(RECORD EXTRACTS begins)

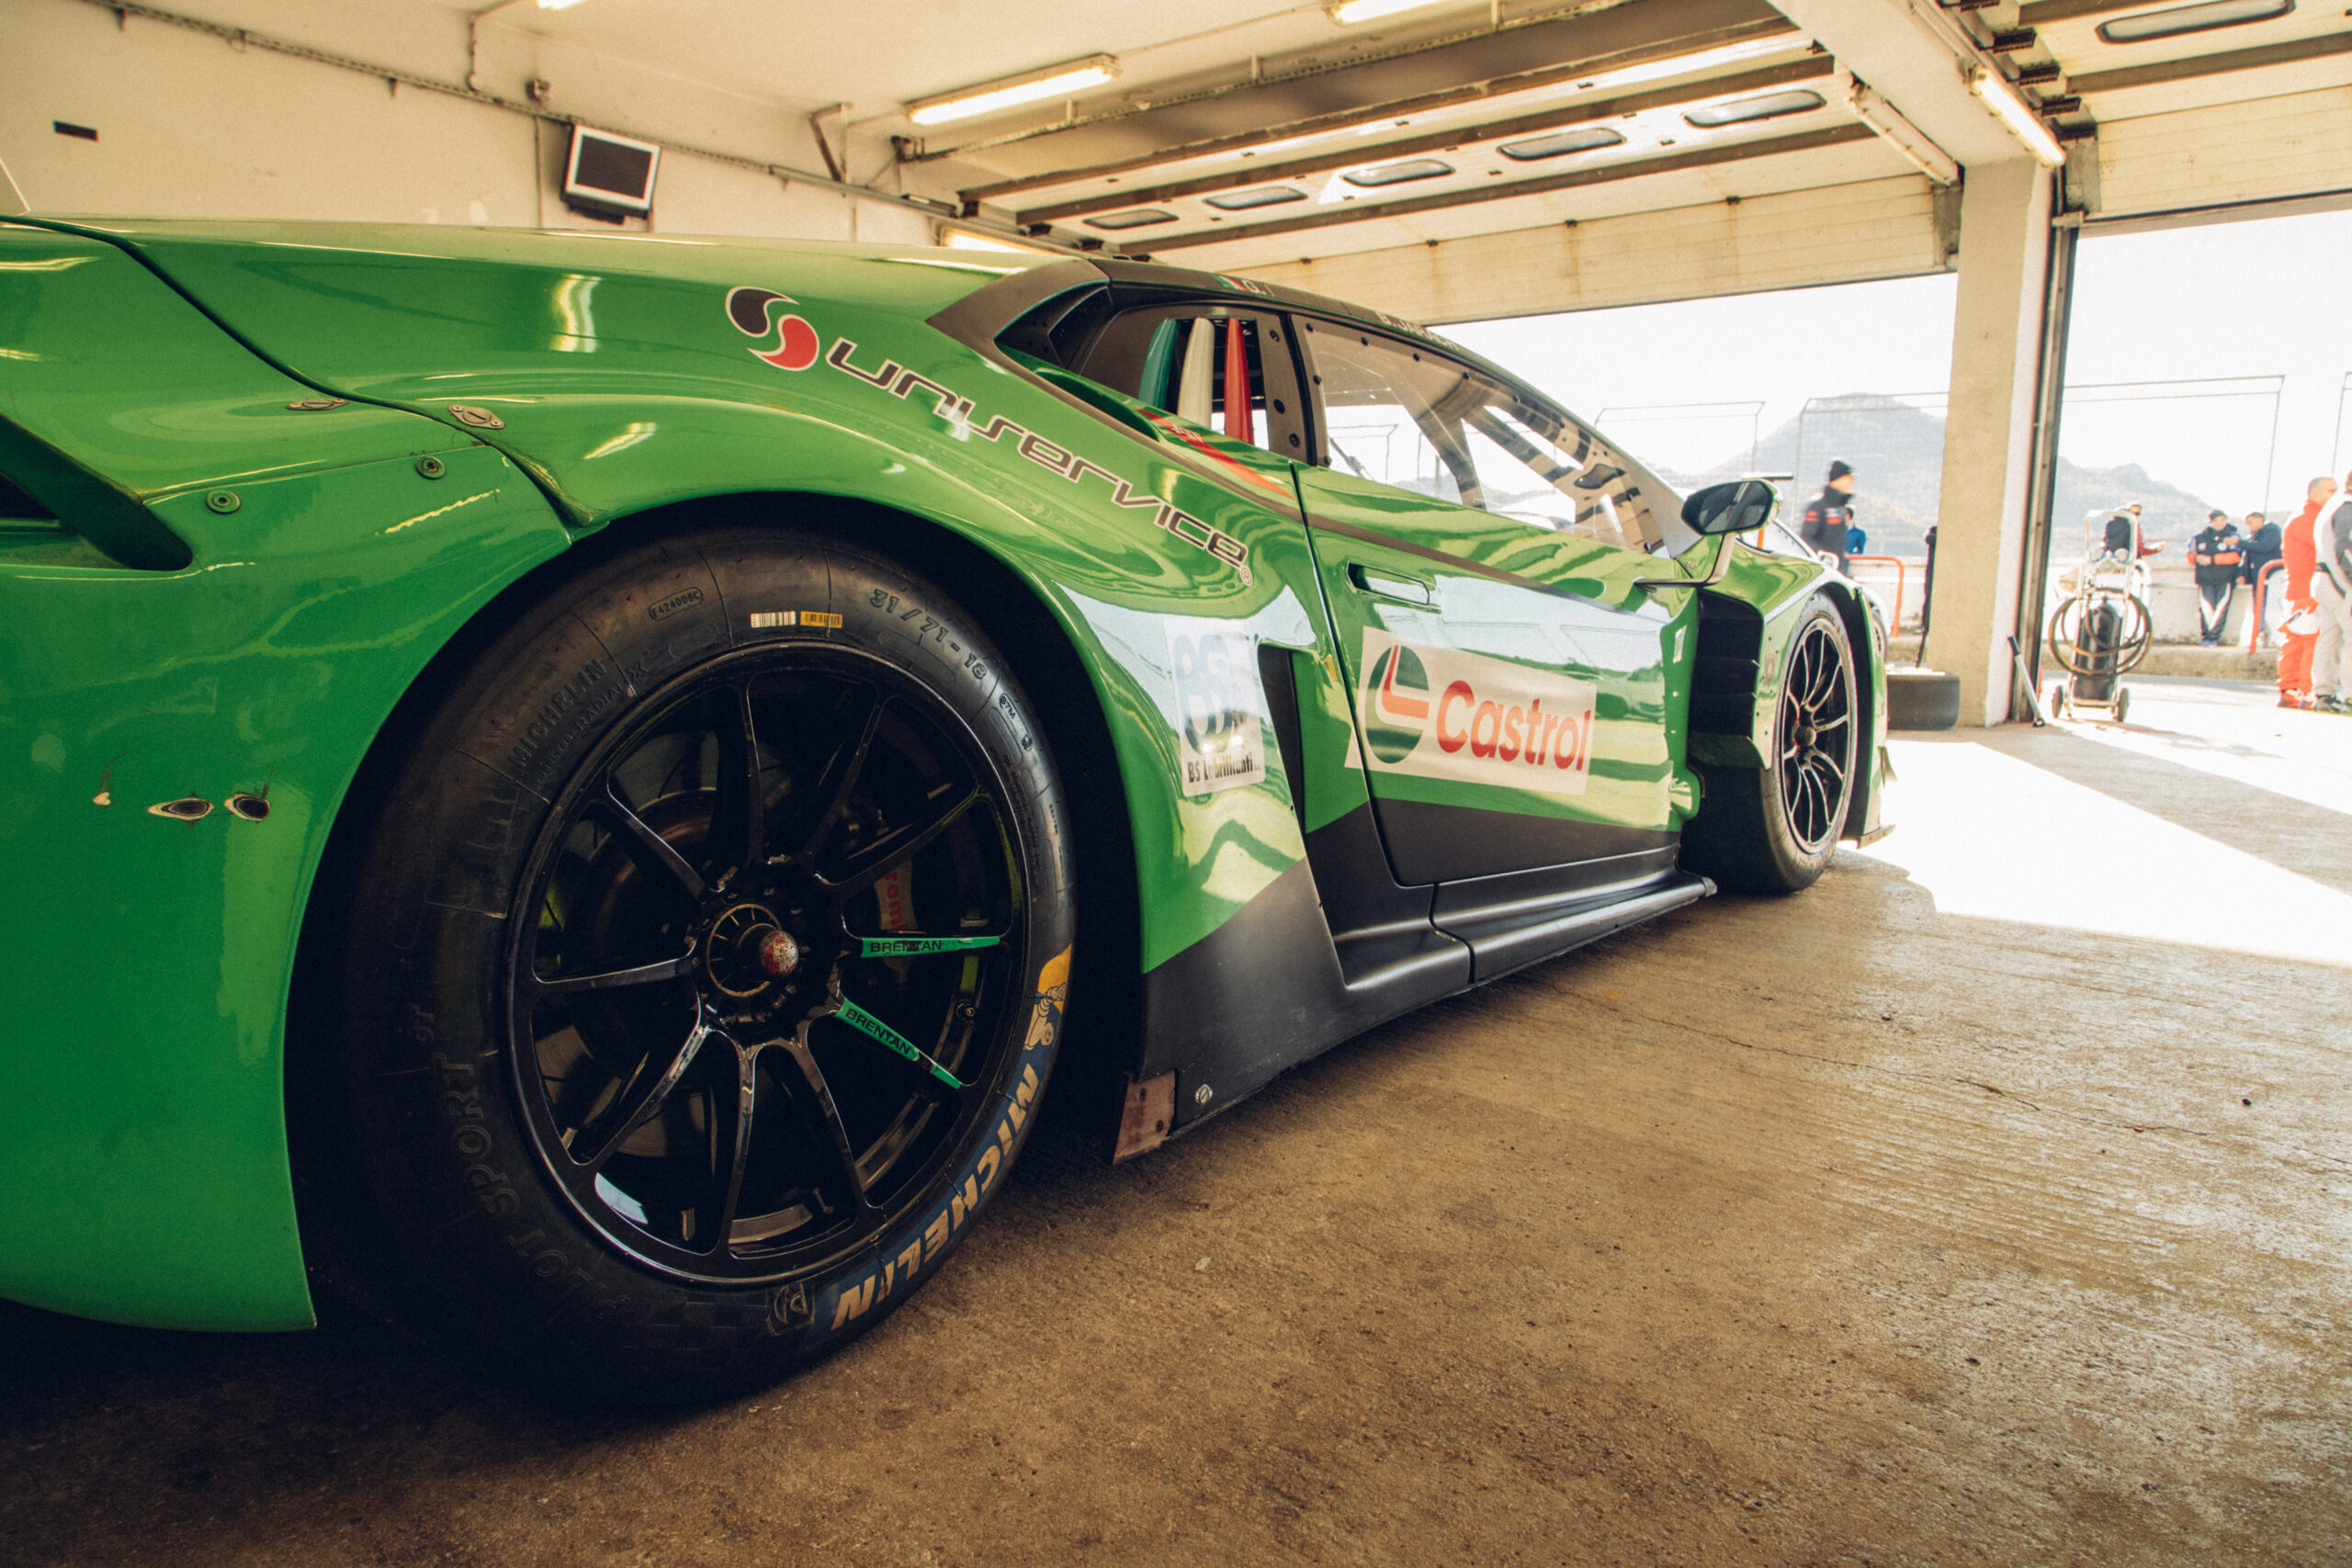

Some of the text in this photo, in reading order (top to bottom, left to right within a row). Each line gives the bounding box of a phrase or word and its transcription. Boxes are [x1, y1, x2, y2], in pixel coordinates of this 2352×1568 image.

[507, 659, 607, 768] MICHELIN
[1436, 680, 1592, 772] Castrol
[845, 1008, 911, 1055] BRENTAN
[434, 1052, 521, 1214] SPORT
[830, 1063, 1040, 1332] MICHELIN
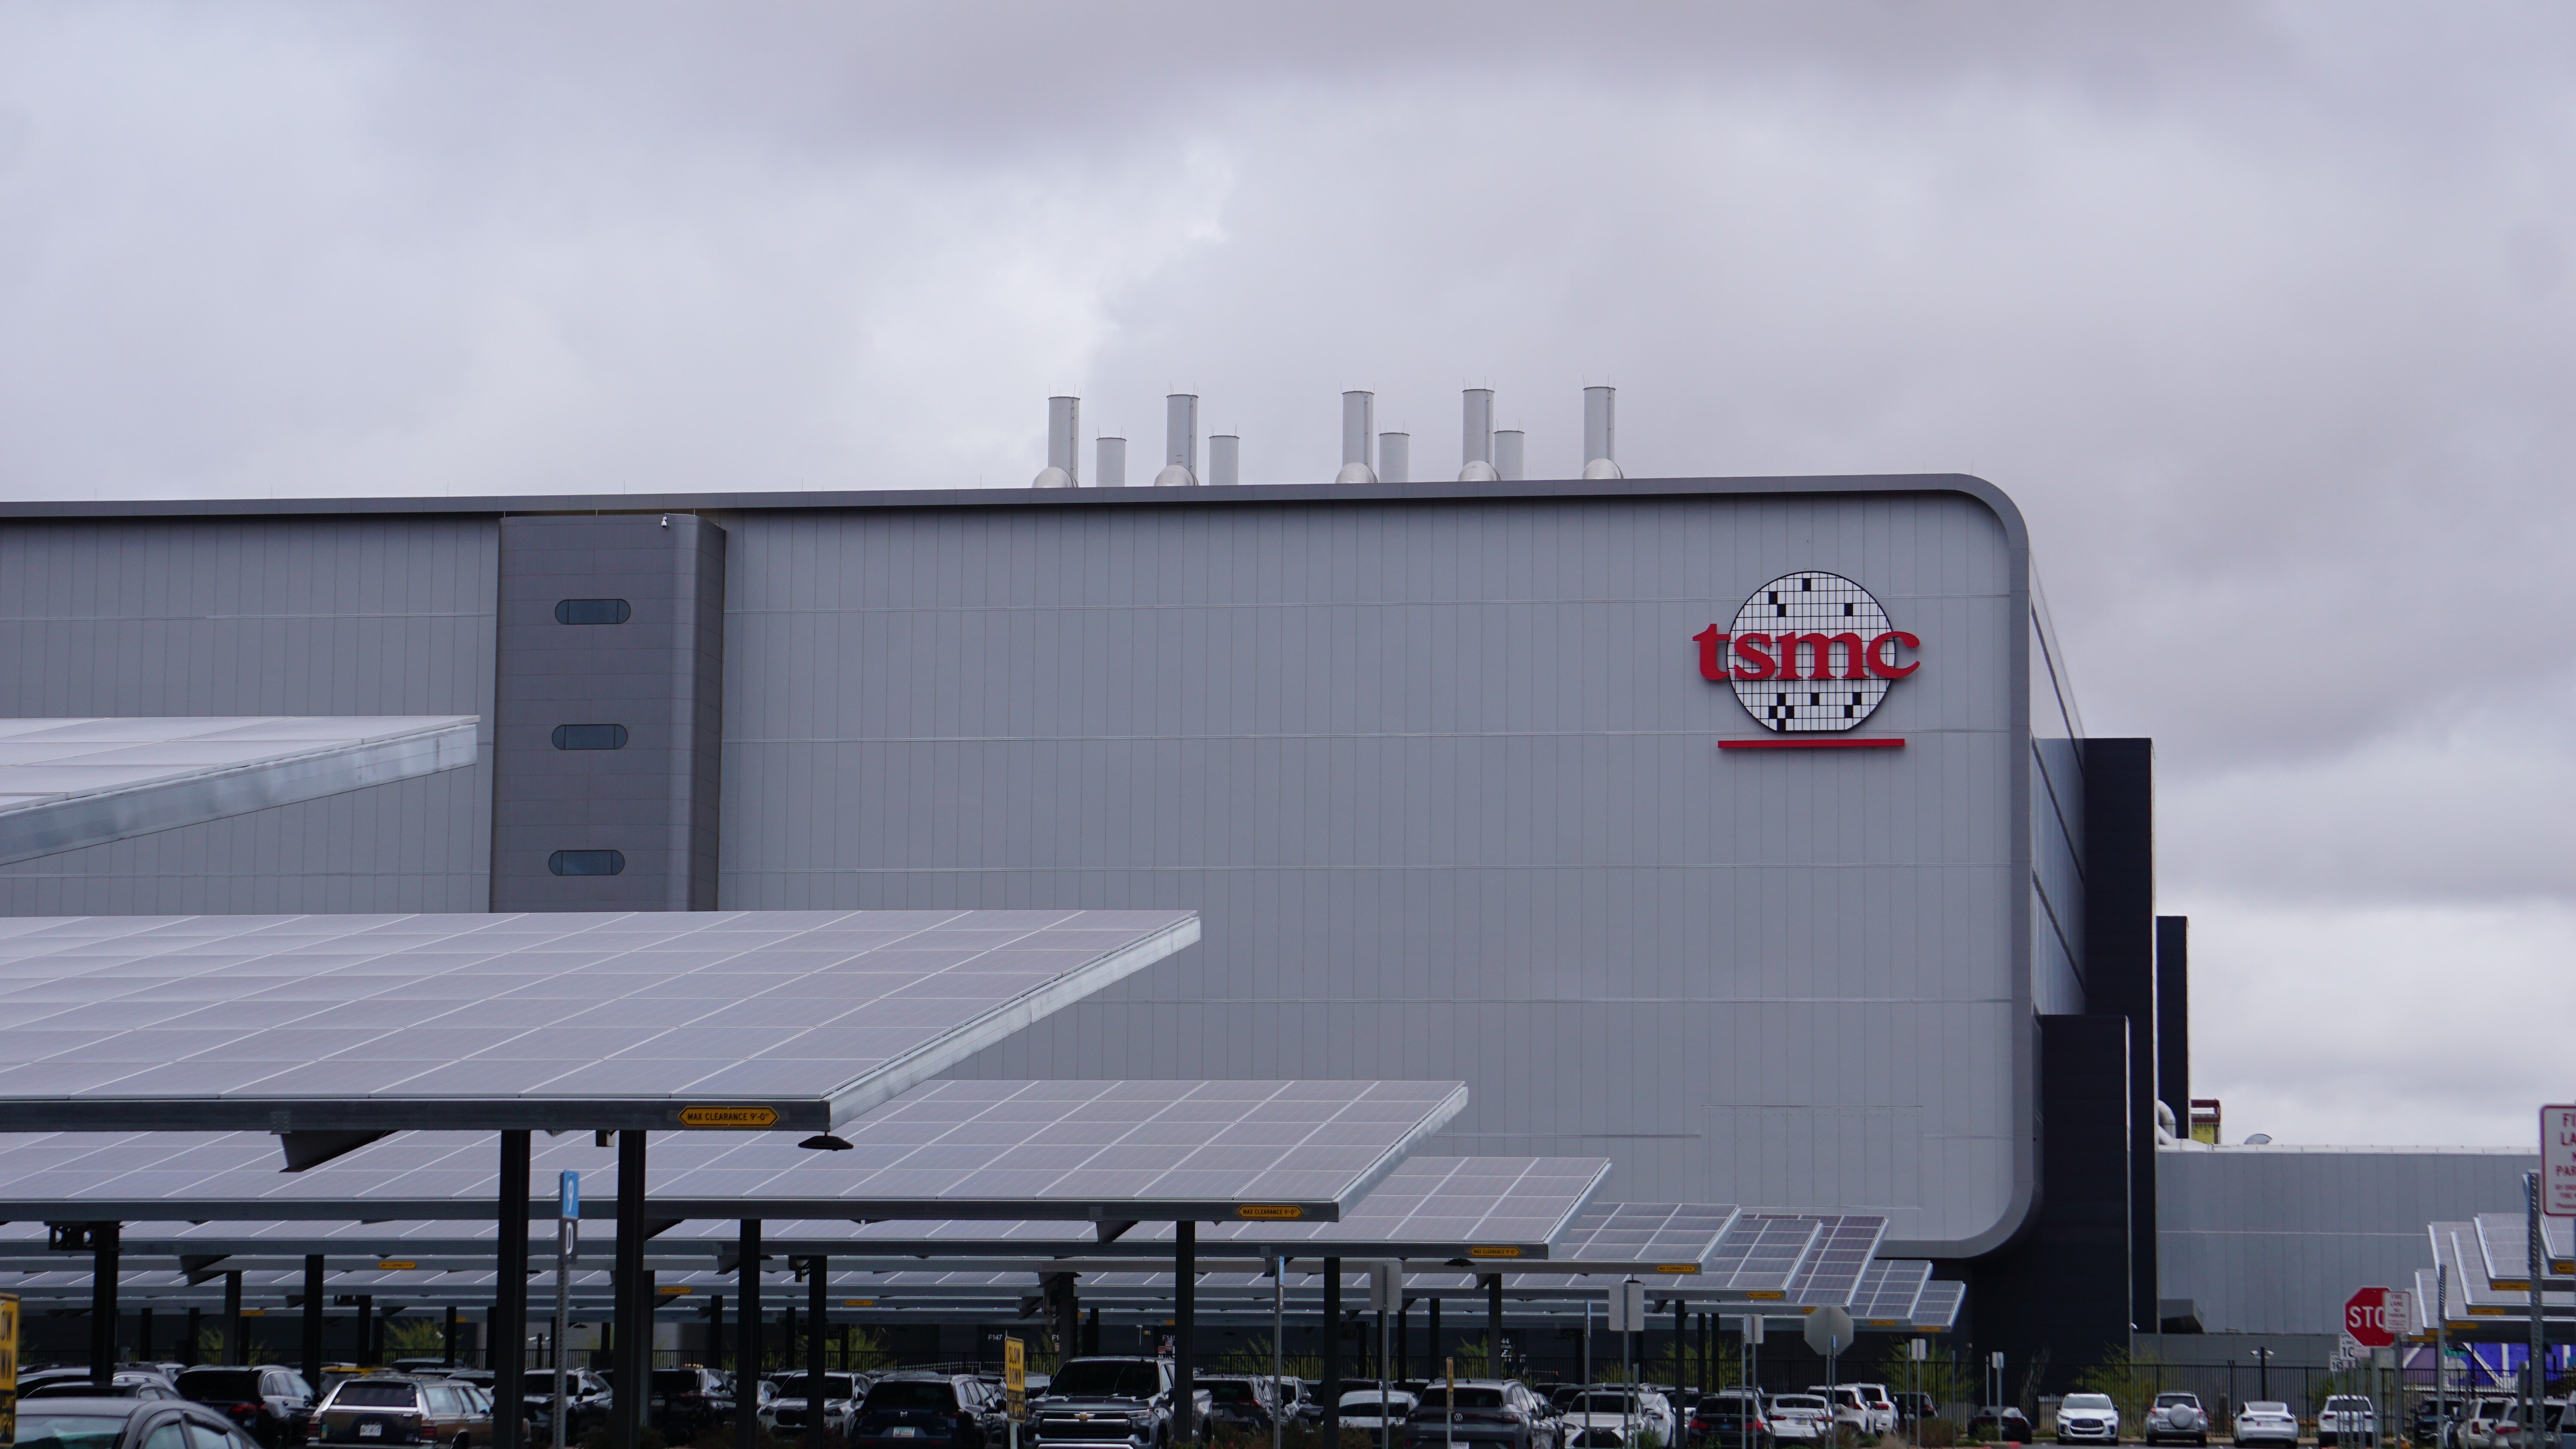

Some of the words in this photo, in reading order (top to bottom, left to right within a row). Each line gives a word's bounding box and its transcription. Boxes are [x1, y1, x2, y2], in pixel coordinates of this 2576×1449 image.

[1692, 624, 1920, 680] tsmc
[2563, 1113, 2576, 1127] FI
[567, 1179, 574, 1212] 9
[565, 1222, 574, 1255] D
[2348, 1306, 2384, 1328] STO
[1009, 1346, 1021, 1364] SLOW
[1009, 1367, 1021, 1385] DOWN

(RECORD EXTRACTS ends)

— YOUR TASK —
What is needed is an exact copy of the records above, with no pictures in it.

— ANSWER FOR THE TASK —
Some of the text in this photo, in reading order (top to bottom, left to right within a row). Each line gives the bounding box of a phrase or word and its transcription. Boxes are [x1, y1, x2, y2], in pixel coordinates of this 2352×1568 image.

[507, 659, 607, 768] MICHELIN
[1436, 680, 1592, 772] Castrol
[845, 1008, 911, 1055] BRENTAN
[434, 1052, 521, 1214] SPORT
[830, 1063, 1040, 1332] MICHELIN

Some of the words in this photo, in reading order (top to bottom, left to right within a row). Each line gives a word's bounding box and its transcription. Boxes are [x1, y1, x2, y2], in pixel coordinates of this 2576×1449 image.

[1692, 624, 1920, 680] tsmc
[2563, 1113, 2576, 1127] FI
[567, 1179, 574, 1212] 9
[565, 1222, 574, 1255] D
[2348, 1306, 2384, 1328] STO
[1009, 1346, 1021, 1364] SLOW
[1009, 1367, 1021, 1385] DOWN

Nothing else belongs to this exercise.